Would you transcribe the whole listing exactly, minus its pictures?

START DATASET ENTRIES

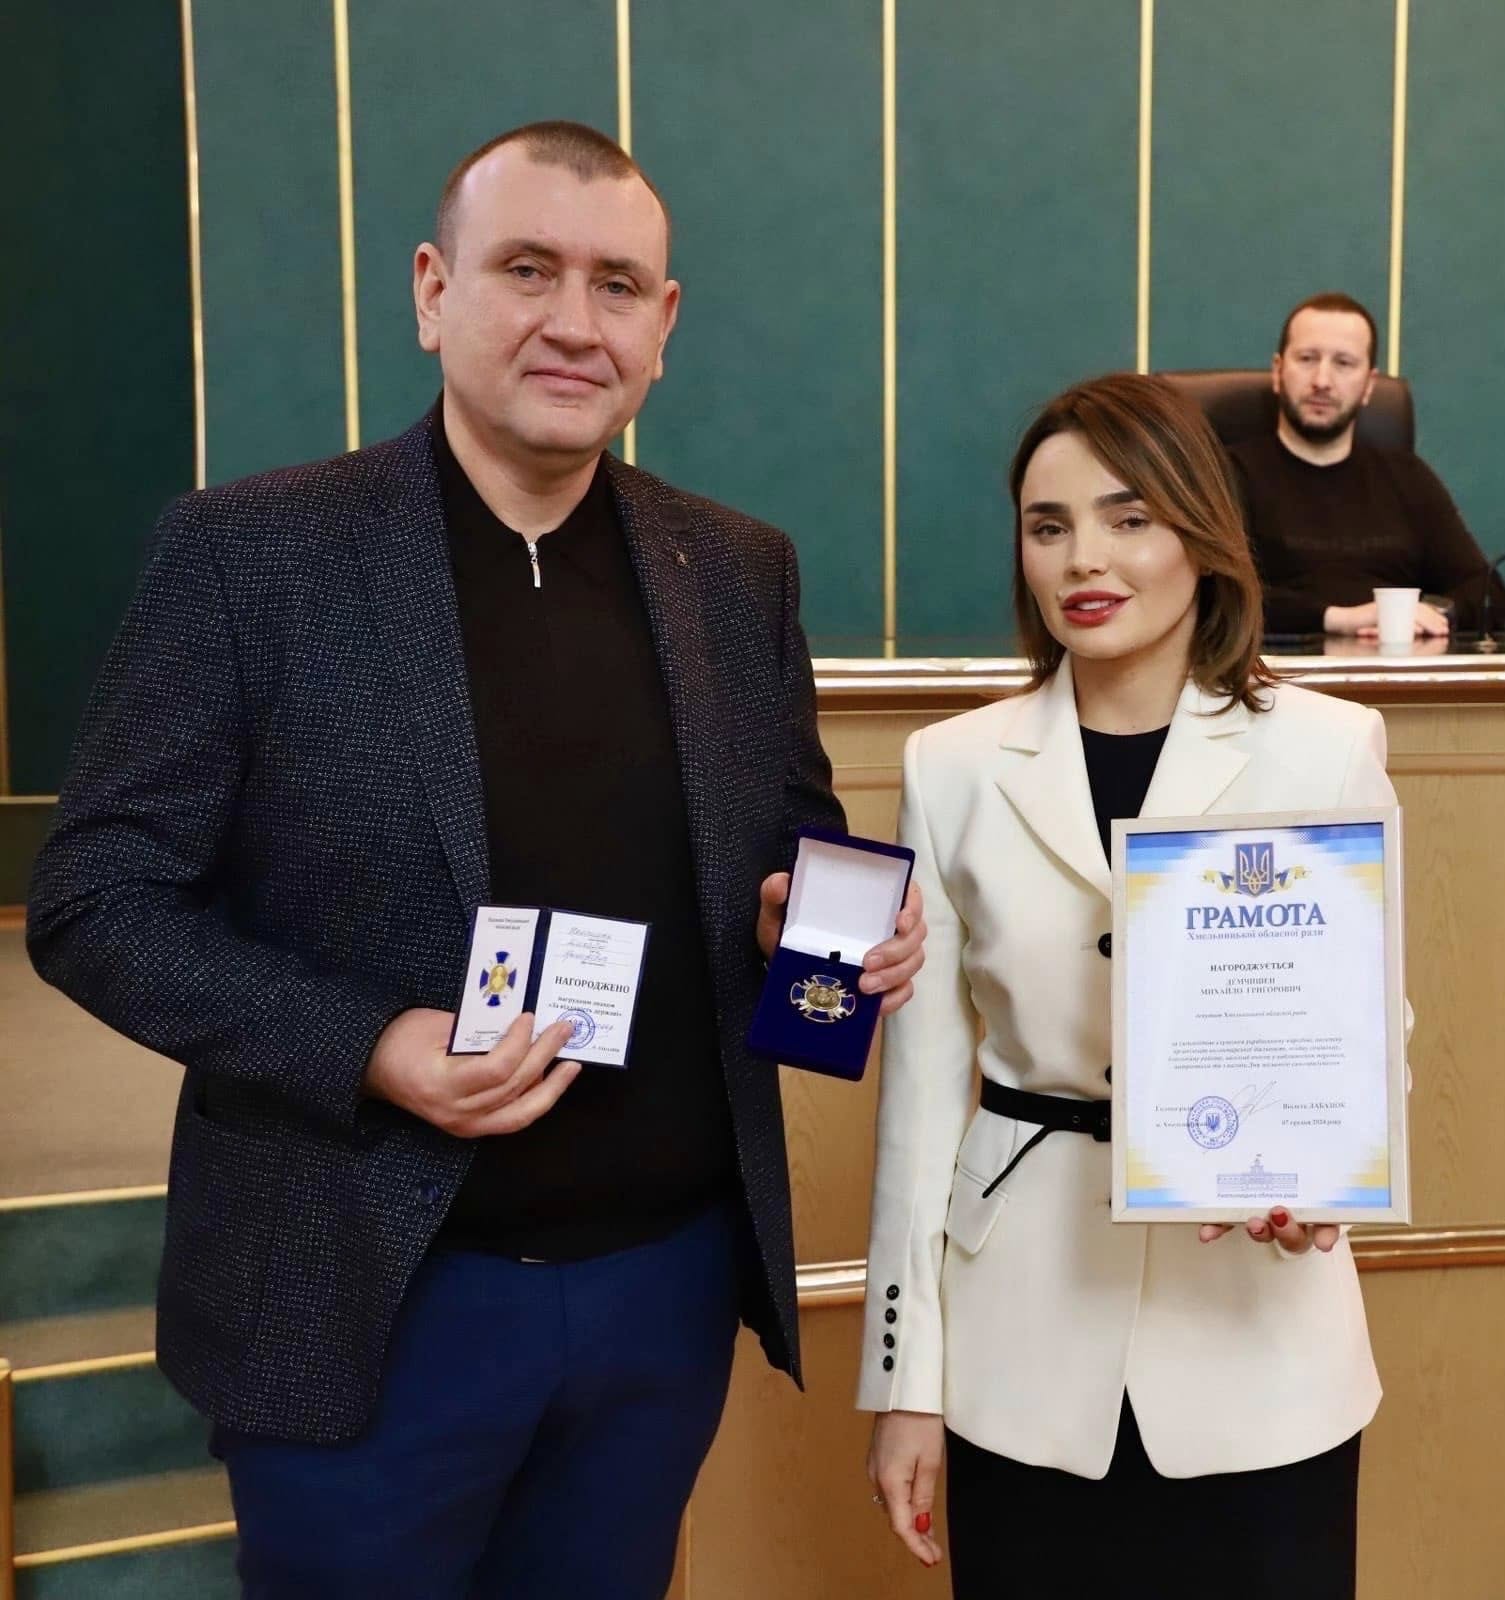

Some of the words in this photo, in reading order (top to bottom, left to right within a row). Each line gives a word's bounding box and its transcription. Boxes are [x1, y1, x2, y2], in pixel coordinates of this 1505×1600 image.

[1185, 903, 1327, 930] ГРАМОТА
[1187, 930, 1256, 941] Хмельницької
[1258, 929, 1299, 938] обласної
[1301, 929, 1324, 939] ради
[1210, 961, 1294, 972] НАГОРОДЖУЄТЬСЯ
[554, 975, 631, 994] НАГОРОДЖЕНО
[1200, 987, 1243, 996] МИХАЙЛО
[1247, 985, 1302, 994] ГРИГОРОВИЧ
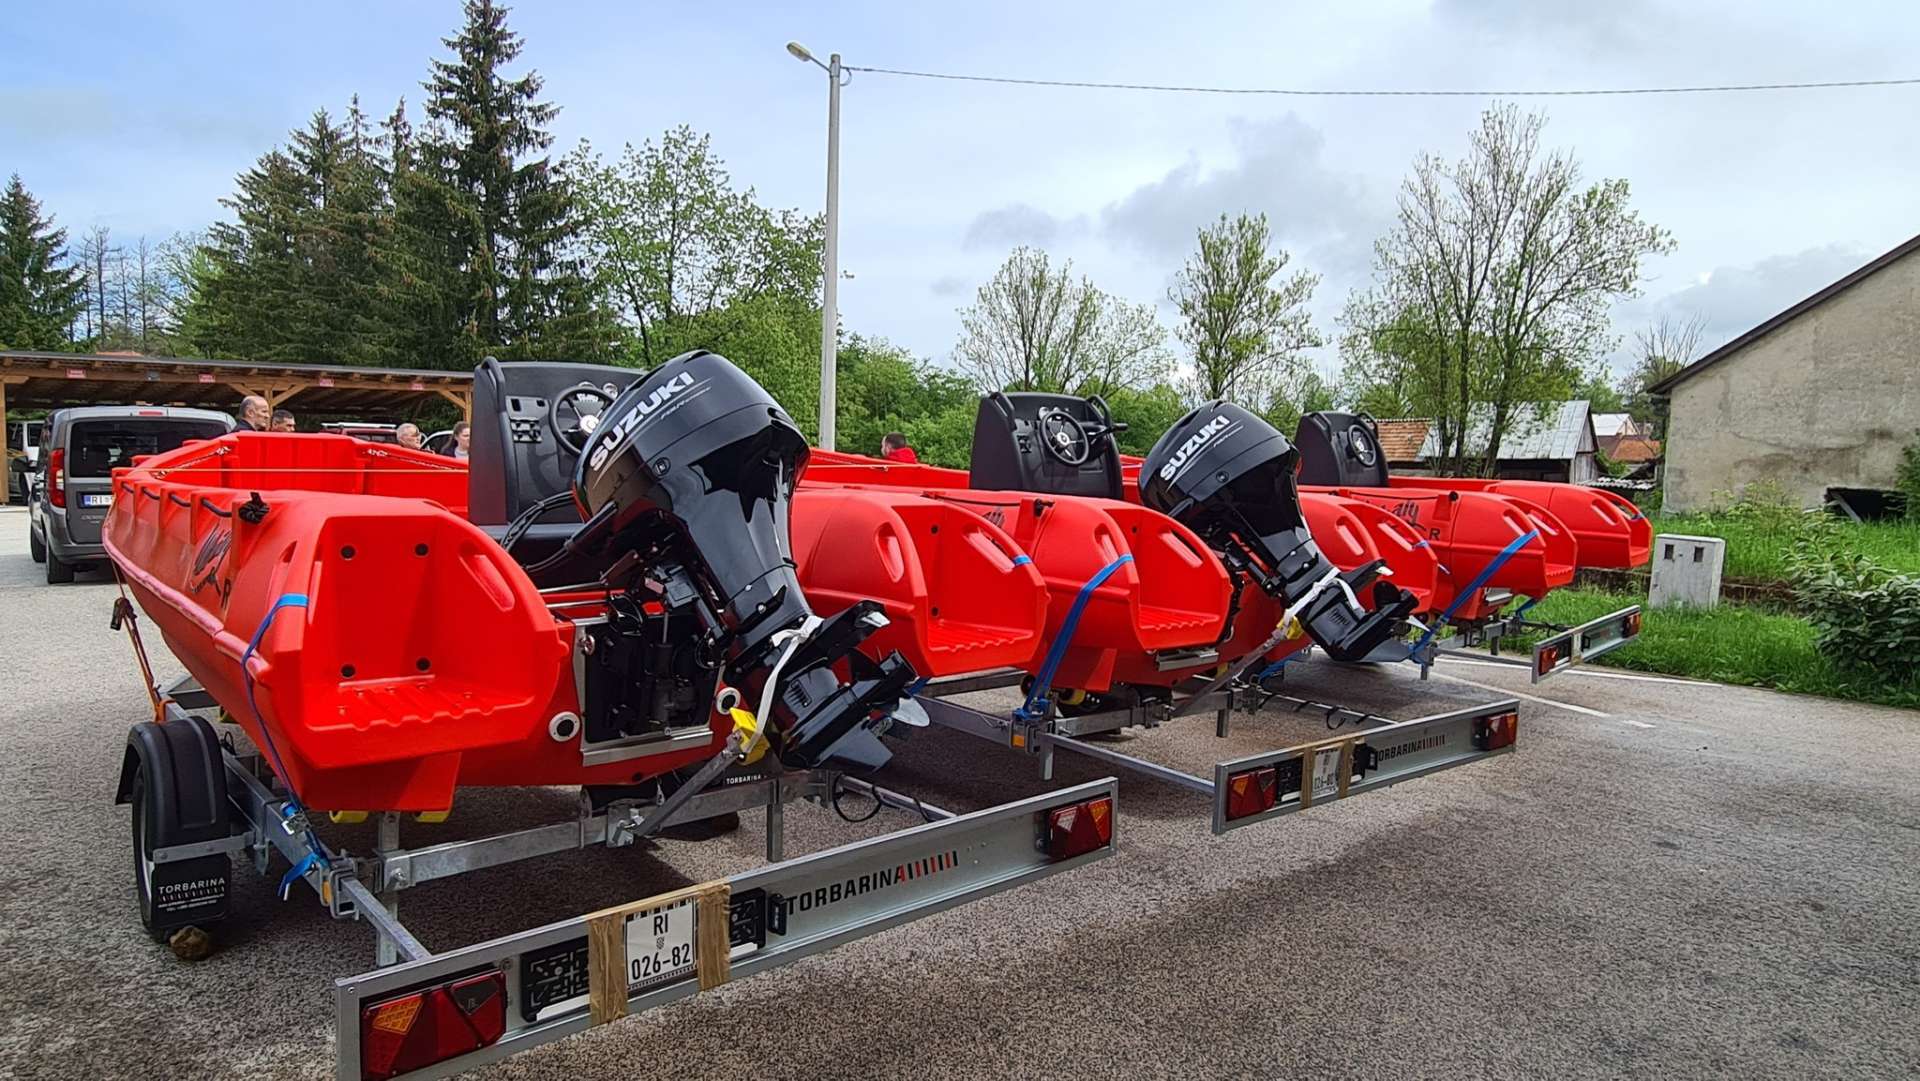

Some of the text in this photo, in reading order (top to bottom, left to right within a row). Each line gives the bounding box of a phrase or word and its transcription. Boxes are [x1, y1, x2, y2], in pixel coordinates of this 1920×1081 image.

[590, 371, 695, 472] SUZUKI
[1160, 415, 1231, 481] SUZUKI
[1429, 527, 1441, 541] R
[158, 878, 225, 894] TORBARINA
[786, 865, 906, 916] TORBARINA
[653, 913, 669, 936] RI
[631, 943, 691, 980] 026-82

END DATASET ENTRIES

◆ EXERCISE RESULT
Some of the words in this photo, in reading order (top to bottom, left to right within a row). Each line gives a word's bounding box and its transcription. Boxes are [x1, y1, x2, y2], in pixel coordinates of this 1505×1600 image.

[1185, 903, 1327, 930] ГРАМОТА
[1187, 930, 1256, 941] Хмельницької
[1258, 929, 1299, 938] обласної
[1301, 929, 1324, 939] ради
[1210, 961, 1294, 972] НАГОРОДЖУЄТЬСЯ
[554, 975, 631, 994] НАГОРОДЖЕНО
[1200, 987, 1243, 996] МИХАЙЛО
[1247, 985, 1302, 994] ГРИГОРОВИЧ

Some of the text in this photo, in reading order (top to bottom, left to right within a row). Each line gives the bounding box of a phrase or word and its transcription. Boxes are [x1, y1, x2, y2], in pixel coordinates of this 1920×1081 image.

[590, 371, 695, 472] SUZUKI
[1160, 415, 1231, 481] SUZUKI
[1429, 527, 1441, 541] R
[158, 878, 225, 894] TORBARINA
[786, 865, 906, 916] TORBARINA
[653, 913, 669, 936] RI
[631, 943, 691, 980] 026-82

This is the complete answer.